Artificial intelligence (AI) is making rapid inroads into healthcare systems across the country and around the world, but it’s not going to happen successfully without organizations having the necessary data storage capacity.
That’s according to James Petter, EMEA VP at Pure Storage, who in a recent column for TradeArabia noted “it is critical that organizations . . . carefully consider the infrastructure needed to support their AI ambitions. To innovate and improve AI algorithms, storage has to deliver uncompromised performance across all manner of access patterns—small to large files, random to sequential, and low to high concurrency—all with the ability to easily scale linearly and non-disruptively in order to grow capacity and performance.”
Consider, for example, the challenge faced by just one system on one day. At Geisinger Health, 60,000 patient notes are created daily, and “there is no way humans could review all of them to identify the relatively few cases that describe insightful patient information for improving patient diagnostics.”
As Petter observes, “data can easily end up in infrastructure siloes at each stage of the AI pipeline—comprised of ingest, clean and transform, explore, train—making projects more time intensive, complex and inflexible.
“Bringing together data into a single centralized data storage hub as part of a deep learning architecture enables far more efficient access to information, increasing the productivity of data scientists and making scaling and operating simpler and more agile for the data architect. Modern all-flash based data platforms are ideal candidates to act as that central data hub. It’s the only storage technology capable of underpinning and releasing the full potential of projects operating in environments that demand high performance compute capabilities such as AI and deep learning.”

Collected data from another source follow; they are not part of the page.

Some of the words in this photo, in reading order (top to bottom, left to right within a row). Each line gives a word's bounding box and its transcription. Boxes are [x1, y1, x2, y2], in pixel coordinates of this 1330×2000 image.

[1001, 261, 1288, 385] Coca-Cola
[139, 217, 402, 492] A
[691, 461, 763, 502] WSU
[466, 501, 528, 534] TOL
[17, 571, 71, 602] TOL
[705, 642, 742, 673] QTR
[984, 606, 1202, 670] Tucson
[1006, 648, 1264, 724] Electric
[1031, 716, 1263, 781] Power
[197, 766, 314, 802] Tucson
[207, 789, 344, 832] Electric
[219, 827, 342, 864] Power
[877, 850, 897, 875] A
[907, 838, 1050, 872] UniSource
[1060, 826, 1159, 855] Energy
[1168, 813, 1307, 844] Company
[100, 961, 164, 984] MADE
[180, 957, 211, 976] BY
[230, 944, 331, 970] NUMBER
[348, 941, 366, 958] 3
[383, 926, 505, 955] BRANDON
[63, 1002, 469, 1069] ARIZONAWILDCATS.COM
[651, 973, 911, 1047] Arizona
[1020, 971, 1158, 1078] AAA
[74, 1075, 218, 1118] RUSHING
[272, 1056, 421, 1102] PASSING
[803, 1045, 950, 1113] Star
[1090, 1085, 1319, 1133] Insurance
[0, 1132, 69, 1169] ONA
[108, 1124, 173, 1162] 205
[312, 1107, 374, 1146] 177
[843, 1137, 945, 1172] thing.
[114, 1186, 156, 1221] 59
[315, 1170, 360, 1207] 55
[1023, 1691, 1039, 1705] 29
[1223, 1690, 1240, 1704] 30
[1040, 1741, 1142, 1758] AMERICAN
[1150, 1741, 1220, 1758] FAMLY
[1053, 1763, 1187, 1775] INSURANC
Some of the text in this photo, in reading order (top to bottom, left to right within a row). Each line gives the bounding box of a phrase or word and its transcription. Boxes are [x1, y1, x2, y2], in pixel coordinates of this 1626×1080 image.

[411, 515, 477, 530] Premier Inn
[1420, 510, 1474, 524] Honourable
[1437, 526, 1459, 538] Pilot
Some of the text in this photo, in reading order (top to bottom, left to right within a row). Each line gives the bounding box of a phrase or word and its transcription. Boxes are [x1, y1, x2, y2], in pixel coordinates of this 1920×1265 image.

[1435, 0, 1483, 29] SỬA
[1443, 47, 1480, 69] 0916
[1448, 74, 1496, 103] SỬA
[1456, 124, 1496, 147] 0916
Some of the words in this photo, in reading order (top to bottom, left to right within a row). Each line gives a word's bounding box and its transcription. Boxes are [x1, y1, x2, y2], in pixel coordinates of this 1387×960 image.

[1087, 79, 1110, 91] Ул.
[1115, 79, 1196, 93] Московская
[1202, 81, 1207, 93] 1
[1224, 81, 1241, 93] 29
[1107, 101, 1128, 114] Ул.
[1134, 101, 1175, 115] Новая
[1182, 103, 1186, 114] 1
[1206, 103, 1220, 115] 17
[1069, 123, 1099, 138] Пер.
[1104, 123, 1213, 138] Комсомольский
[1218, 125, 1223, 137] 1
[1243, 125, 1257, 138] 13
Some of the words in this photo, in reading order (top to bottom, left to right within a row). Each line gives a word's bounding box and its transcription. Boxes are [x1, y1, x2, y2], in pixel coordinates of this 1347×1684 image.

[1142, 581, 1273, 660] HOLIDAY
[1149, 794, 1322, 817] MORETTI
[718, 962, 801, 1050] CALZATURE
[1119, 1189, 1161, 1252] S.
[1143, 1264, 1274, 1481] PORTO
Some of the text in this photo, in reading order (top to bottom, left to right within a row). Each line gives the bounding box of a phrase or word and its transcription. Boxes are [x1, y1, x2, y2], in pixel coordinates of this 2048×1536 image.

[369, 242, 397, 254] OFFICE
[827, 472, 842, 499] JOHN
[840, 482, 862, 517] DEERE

In Petter’s view, flash storage arrays are best suited for AI projects “as they encompass a parallelism that mimics the human brain, and enables multiple queries or jobs to run simultaneously. By building this type of flash technology into the very foundation of AI projects, it vastly improves the rate at which AI and ML initiatives can develop.”
Of course, not all healthcare organizations are diving into AI, but it is a tool all organizations should be looking at using to bring efficiency and accuracy to their data-heavy projects. Moreover, what it relies on is storage that avoids bottlenecks and provides the data fast enough to feed the data analysis pipelines.